Certainly the vascularization of the NAC in the Round Block technique depends its posterior glandular base through the underlying plexus and the Würinger septum. I proceeded to change the text to make it clearer in line with your observation. My intention was above all, to specify that a partial incision of the dermis could be advantageous with respect to the possibility of a subsequent nipple sparing mastectomy, but it was not correctly inserted in the text.
With regard to figure 1 I’ve rotated the image correctly, thanks for the note.
Regarding the choice of surgery, I agree with you, but in sharing the surgical project, the patient refused a bilateral approach, expressing her desire for a more conservative procedure. The choice was further confirmed by the prevailing glandular expression as evidenced by the preoperative mammography.
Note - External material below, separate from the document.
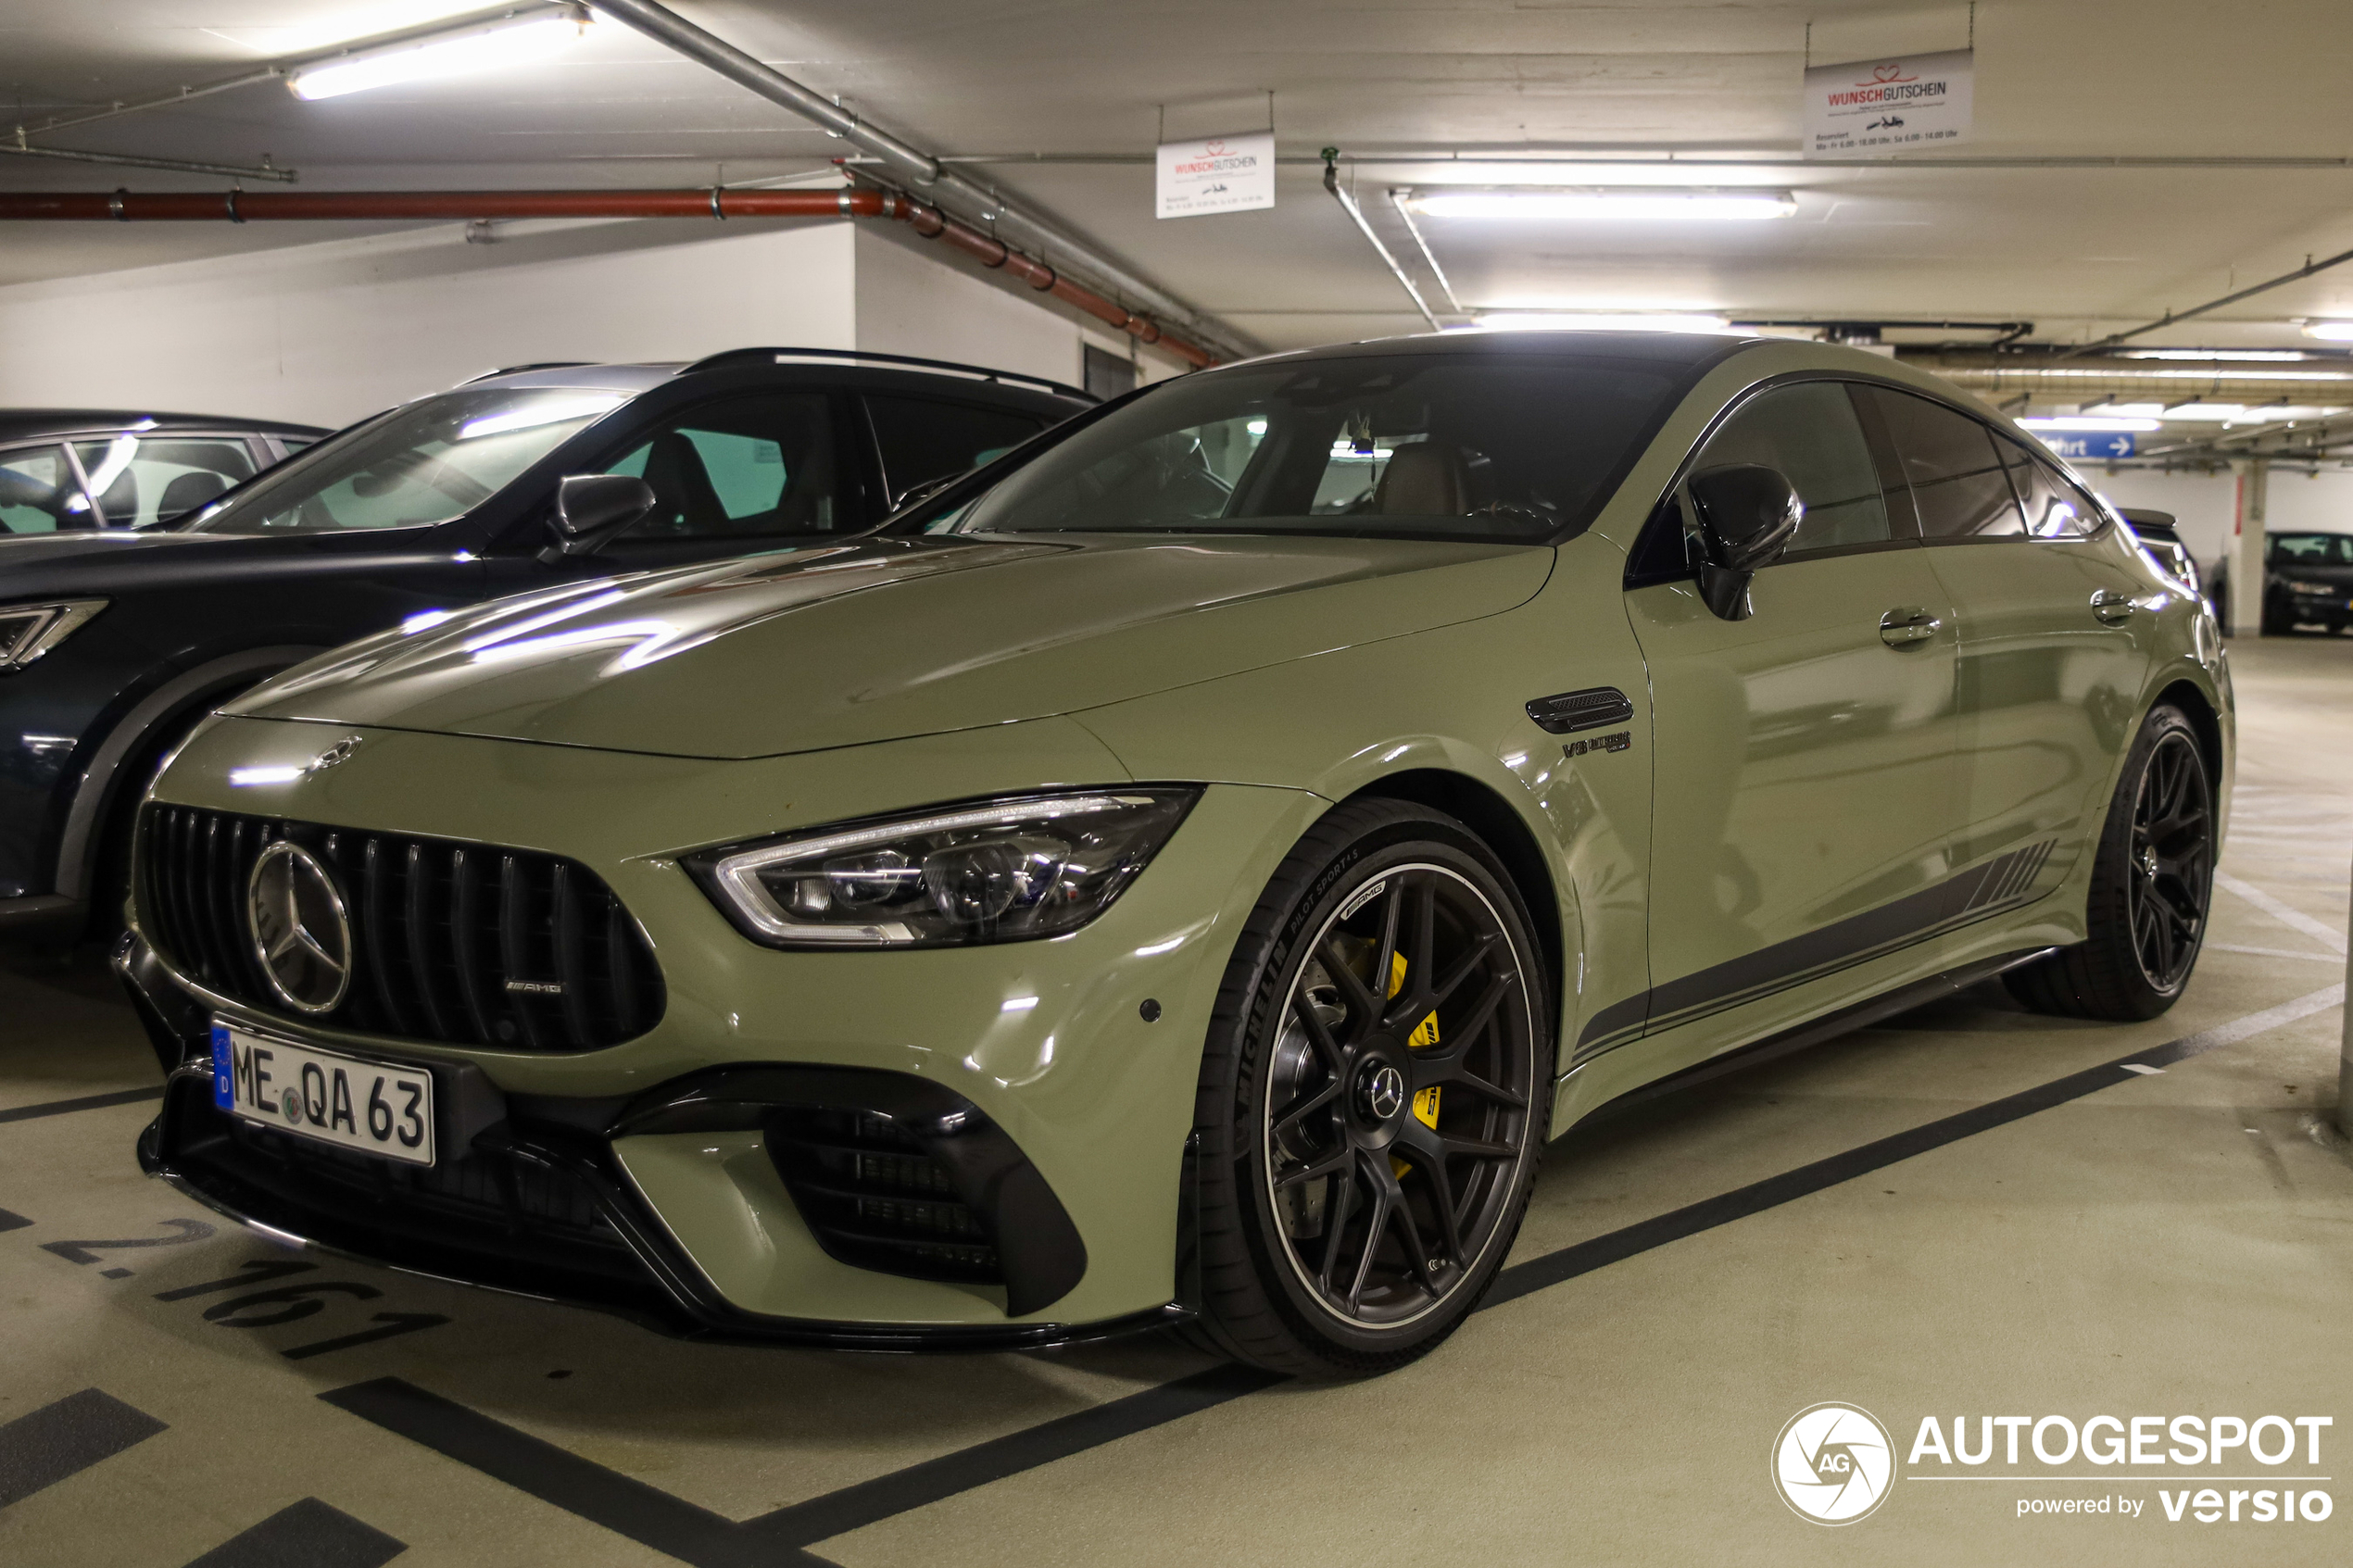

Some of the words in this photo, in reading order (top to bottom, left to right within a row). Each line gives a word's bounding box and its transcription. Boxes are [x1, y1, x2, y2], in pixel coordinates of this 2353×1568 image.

Regarding figure 2, unfortunately this is the best photo available.
It is true that a lateral dislocation of the nipple is appreciated, but it is also true that it represents the image of an early post (1 month). This problem did not occur frequently in the other patients, perhaps also thanks to the elasticity of the skin such as to allow a progressive adjustment over time, and in any case it did not generate strong dissatisfaction.
However, I really appreciate the suggestion to modify the incisional pattern, such as primary rhomboid flap (Limberg technique). The desire to experiment it entirely along the lateral crease derived from the desire to propose a single incisional line along this anatomical subunit (a hypothesis that I’ve considered attractive). However, I will try to further improve the technique in the future according to your suggestions.
I also proceeded to point out the late-onset scar widening and changes in the areola shape in the discussion, an aspect which is always important and which requires caution in the surgical technique.
I've corrected the spelling errors you reported and corrected the punctuation, thanks.
In conclusion, thank you very much for all the valuable observations you have made to this paper, since they have been a source of further enrichment and reflection for me.
with regard
Paolo Orsaria
Reviewer 2 Report
I read with interest the article of Orsaria et al. about comparison between sub-axillary replacement flap and round block displacement technique in oncoplastic breast conserving surgery.
I found it well written, the English is good and the text is clear and easy to understand.
Even if the numbers are not high and the techniques are not innovative, it is an interesting study.
I noticed an error in photo 1A where the patient's image is mirrored.
I recommend this article with this minor review.
Author Response
Dear Reviewer,
Thank you for your kind review and cooperation.
With regard to figure 1 I’ve rotated the image correctly, thanks for the note.
I also proceeded to point out the late-onset scar widening and changes in the areola shape in the discussion, an aspect which is always important and which requires caution in the surgical technique.
I've corrected some spelling errors reported and the punctuation, thanks.
Thank you very much for all the valuable observations you have made to this paper, since they have been a source of further enrichment and reflection for me.